Exactly as written, please set down all of the entries again, with no pictures.

<<<<

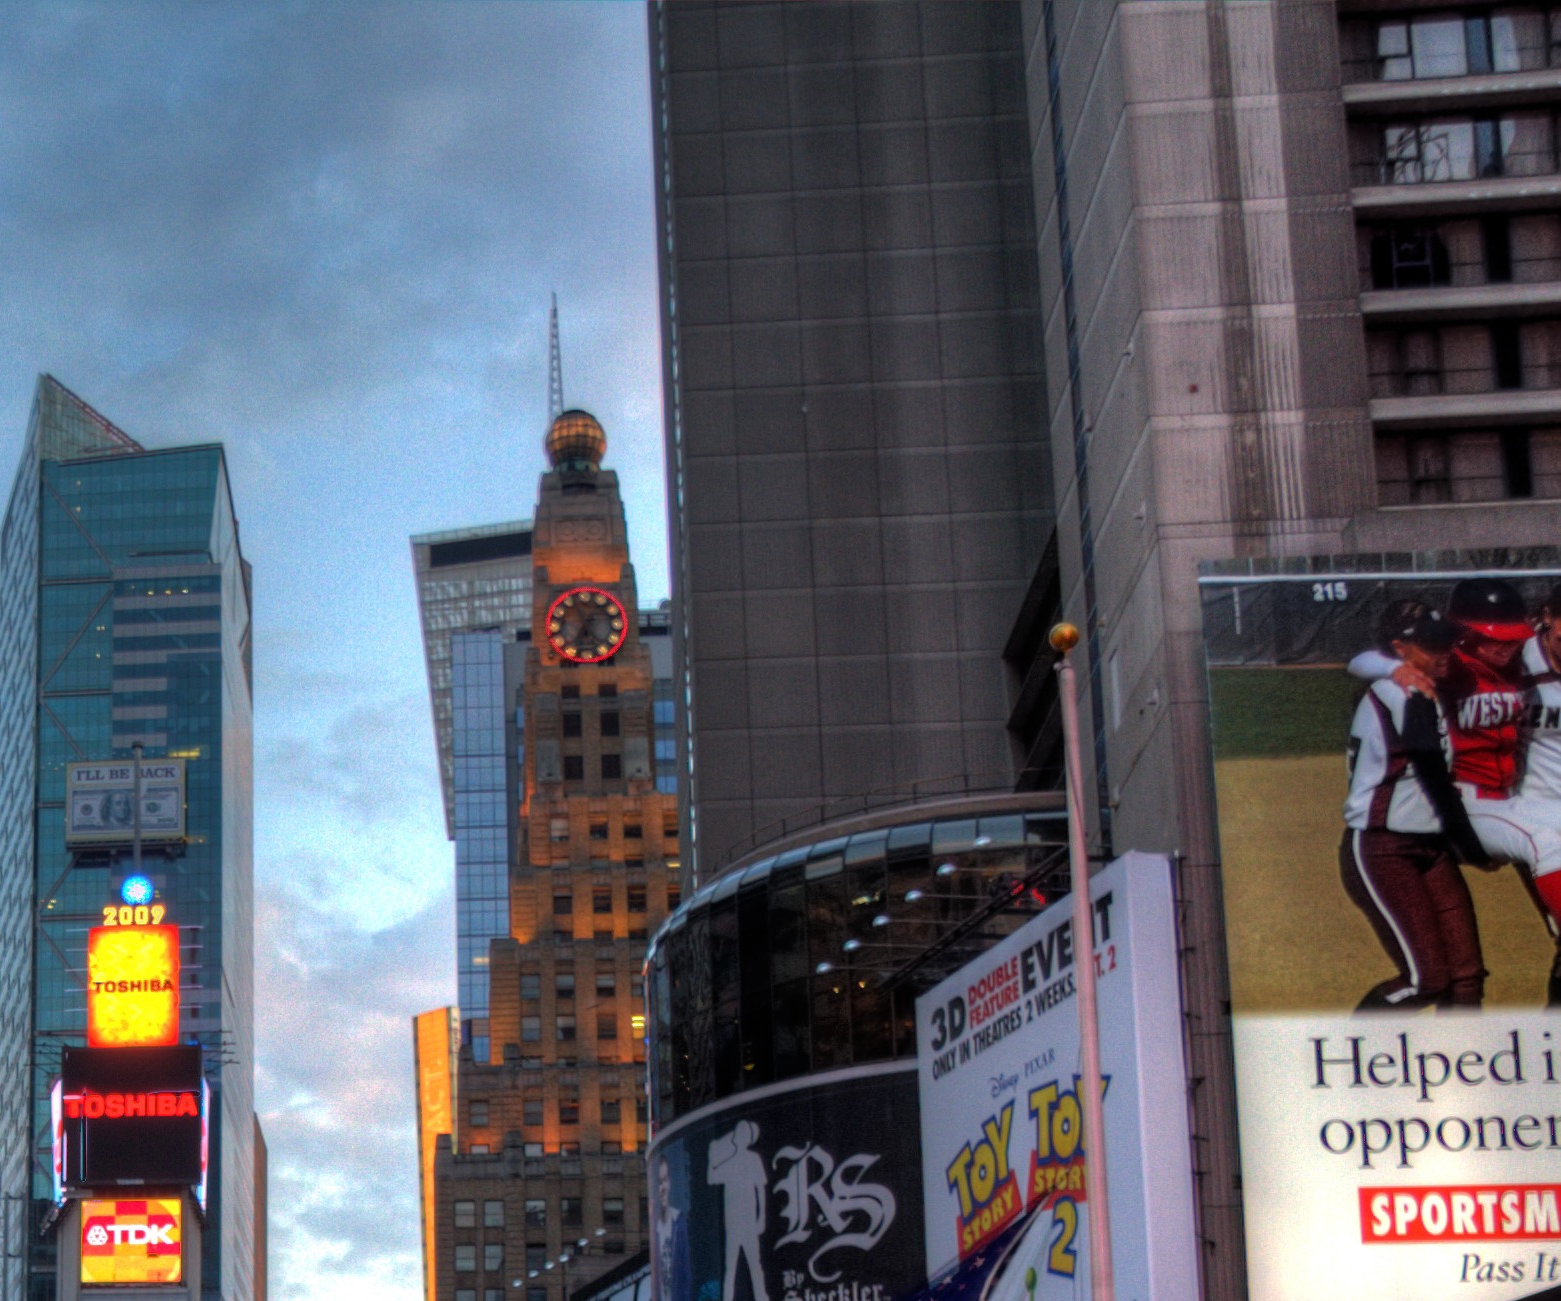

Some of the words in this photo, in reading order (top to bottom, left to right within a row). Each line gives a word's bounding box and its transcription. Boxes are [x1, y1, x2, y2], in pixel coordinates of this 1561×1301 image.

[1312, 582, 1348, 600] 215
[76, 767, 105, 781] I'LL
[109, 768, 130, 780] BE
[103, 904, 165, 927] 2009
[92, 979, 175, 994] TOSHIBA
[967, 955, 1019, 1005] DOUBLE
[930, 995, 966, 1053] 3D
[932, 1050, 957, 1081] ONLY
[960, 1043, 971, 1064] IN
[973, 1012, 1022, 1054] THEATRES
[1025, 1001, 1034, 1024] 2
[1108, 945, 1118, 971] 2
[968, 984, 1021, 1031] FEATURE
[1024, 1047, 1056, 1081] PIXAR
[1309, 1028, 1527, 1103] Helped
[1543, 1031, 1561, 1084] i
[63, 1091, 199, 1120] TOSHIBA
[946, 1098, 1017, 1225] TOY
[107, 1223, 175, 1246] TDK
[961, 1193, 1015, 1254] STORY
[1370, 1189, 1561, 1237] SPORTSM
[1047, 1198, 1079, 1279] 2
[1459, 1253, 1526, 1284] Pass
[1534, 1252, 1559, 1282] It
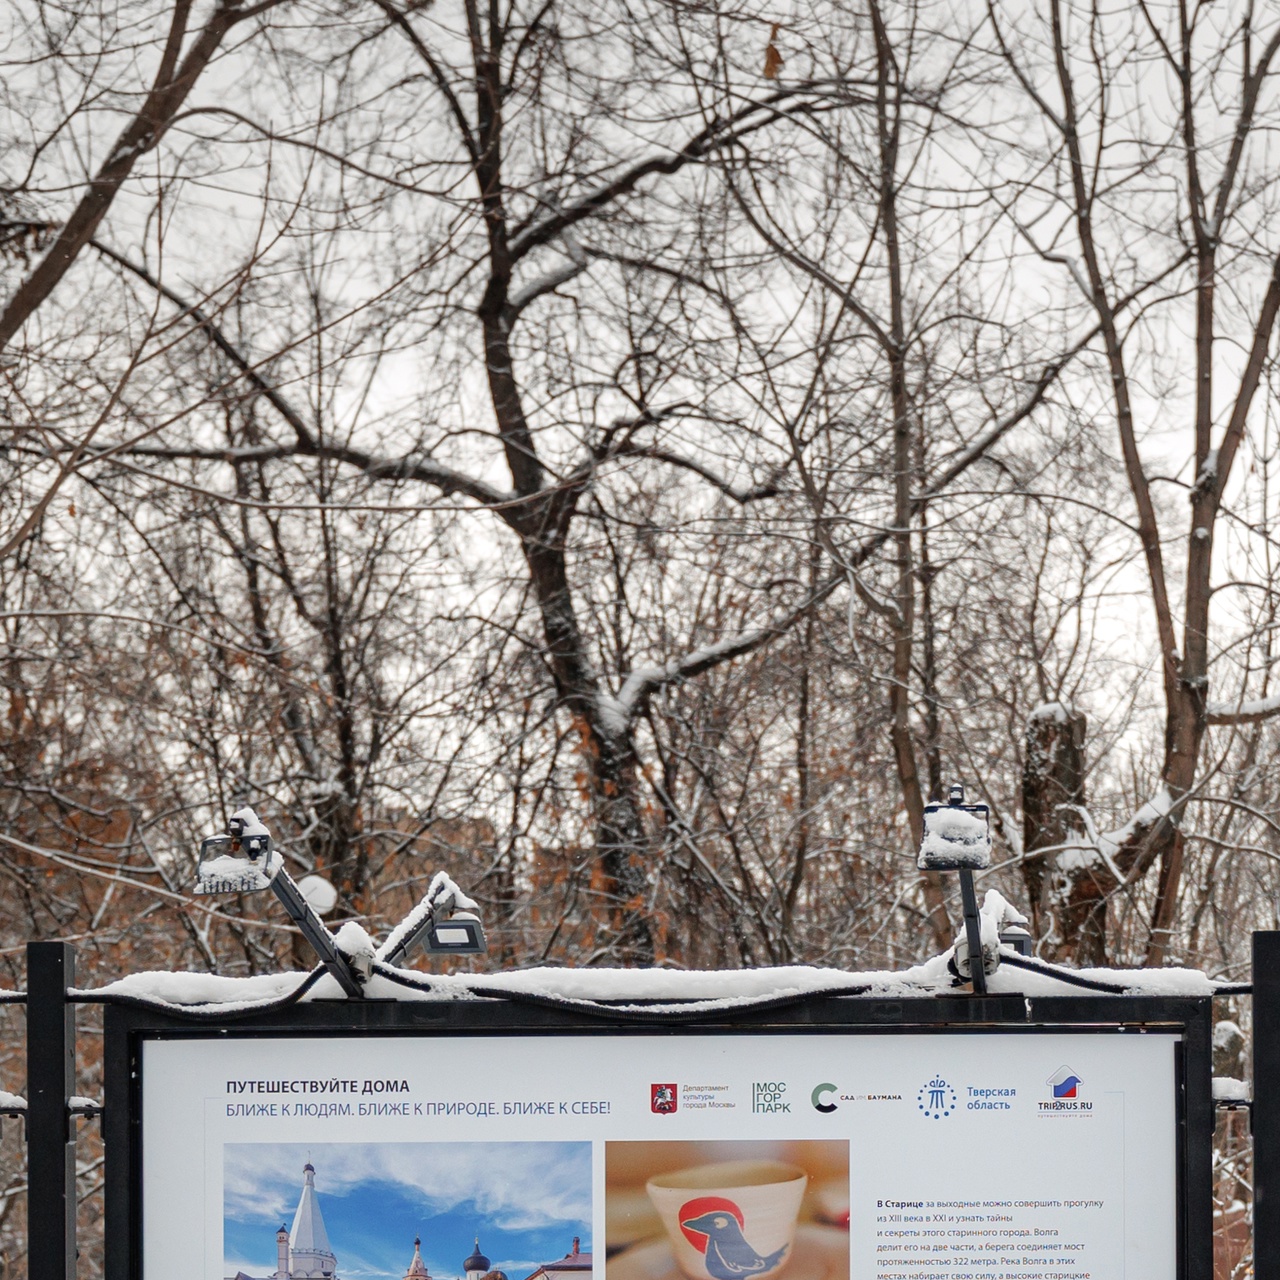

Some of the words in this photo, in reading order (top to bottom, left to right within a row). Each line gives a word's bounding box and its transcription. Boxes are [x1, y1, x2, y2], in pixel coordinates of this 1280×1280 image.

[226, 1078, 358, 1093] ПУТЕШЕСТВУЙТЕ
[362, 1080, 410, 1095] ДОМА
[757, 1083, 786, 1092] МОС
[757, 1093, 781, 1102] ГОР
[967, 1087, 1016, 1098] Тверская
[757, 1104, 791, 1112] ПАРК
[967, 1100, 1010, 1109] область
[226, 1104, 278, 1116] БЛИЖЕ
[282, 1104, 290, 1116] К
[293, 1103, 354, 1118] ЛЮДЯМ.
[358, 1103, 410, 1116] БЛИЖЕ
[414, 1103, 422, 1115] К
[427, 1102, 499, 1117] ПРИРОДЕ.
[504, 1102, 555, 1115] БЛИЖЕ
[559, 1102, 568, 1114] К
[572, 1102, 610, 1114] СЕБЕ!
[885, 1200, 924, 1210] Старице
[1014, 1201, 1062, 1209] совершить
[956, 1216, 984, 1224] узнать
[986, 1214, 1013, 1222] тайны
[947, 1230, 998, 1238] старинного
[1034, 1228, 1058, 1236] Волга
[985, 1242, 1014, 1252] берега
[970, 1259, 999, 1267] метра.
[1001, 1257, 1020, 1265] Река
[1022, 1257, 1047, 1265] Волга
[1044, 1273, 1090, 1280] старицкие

>>>>

SOLUTION —
Some of the words in this photo, in reading order (top to bottom, left to right within a row). Each line gives a word's bounding box and its transcription. Boxes are [x1, y1, x2, y2], in pixel coordinates of this 1561×1301 image.

[1312, 582, 1348, 600] 215
[76, 767, 105, 781] I'LL
[109, 768, 130, 780] BE
[103, 904, 165, 927] 2009
[92, 979, 175, 994] TOSHIBA
[967, 955, 1019, 1005] DOUBLE
[930, 995, 966, 1053] 3D
[932, 1050, 957, 1081] ONLY
[960, 1043, 971, 1064] IN
[973, 1012, 1022, 1054] THEATRES
[1025, 1001, 1034, 1024] 2
[1108, 945, 1118, 971] 2
[968, 984, 1021, 1031] FEATURE
[1024, 1047, 1056, 1081] PIXAR
[1309, 1028, 1527, 1103] Helped
[1543, 1031, 1561, 1084] i
[63, 1091, 199, 1120] TOSHIBA
[946, 1098, 1017, 1225] TOY
[107, 1223, 175, 1246] TDK
[961, 1193, 1015, 1254] STORY
[1370, 1189, 1561, 1237] SPORTSM
[1047, 1198, 1079, 1279] 2
[1459, 1253, 1526, 1284] Pass
[1534, 1252, 1559, 1282] It

Some of the words in this photo, in reading order (top to bottom, left to right within a row). Each line gives a word's bounding box and its transcription. Boxes are [x1, y1, x2, y2], in pixel coordinates of this 1280×1280 image.

[226, 1078, 358, 1093] ПУТЕШЕСТВУЙТЕ
[362, 1080, 410, 1095] ДОМА
[757, 1083, 786, 1092] МОС
[757, 1093, 781, 1102] ГОР
[967, 1087, 1016, 1098] Тверская
[757, 1104, 791, 1112] ПАРК
[967, 1100, 1010, 1109] область
[226, 1104, 278, 1116] БЛИЖЕ
[282, 1104, 290, 1116] К
[293, 1103, 354, 1118] ЛЮДЯМ.
[358, 1103, 410, 1116] БЛИЖЕ
[414, 1103, 422, 1115] К
[427, 1102, 499, 1117] ПРИРОДЕ.
[504, 1102, 555, 1115] БЛИЖЕ
[559, 1102, 568, 1114] К
[572, 1102, 610, 1114] СЕБЕ!
[885, 1200, 924, 1210] Старице
[1014, 1201, 1062, 1209] совершить
[956, 1216, 984, 1224] узнать
[986, 1214, 1013, 1222] тайны
[947, 1230, 998, 1238] старинного
[1034, 1228, 1058, 1236] Волга
[985, 1242, 1014, 1252] берега
[970, 1259, 999, 1267] метра.
[1001, 1257, 1020, 1265] Река
[1022, 1257, 1047, 1265] Волга
[1044, 1273, 1090, 1280] старицкие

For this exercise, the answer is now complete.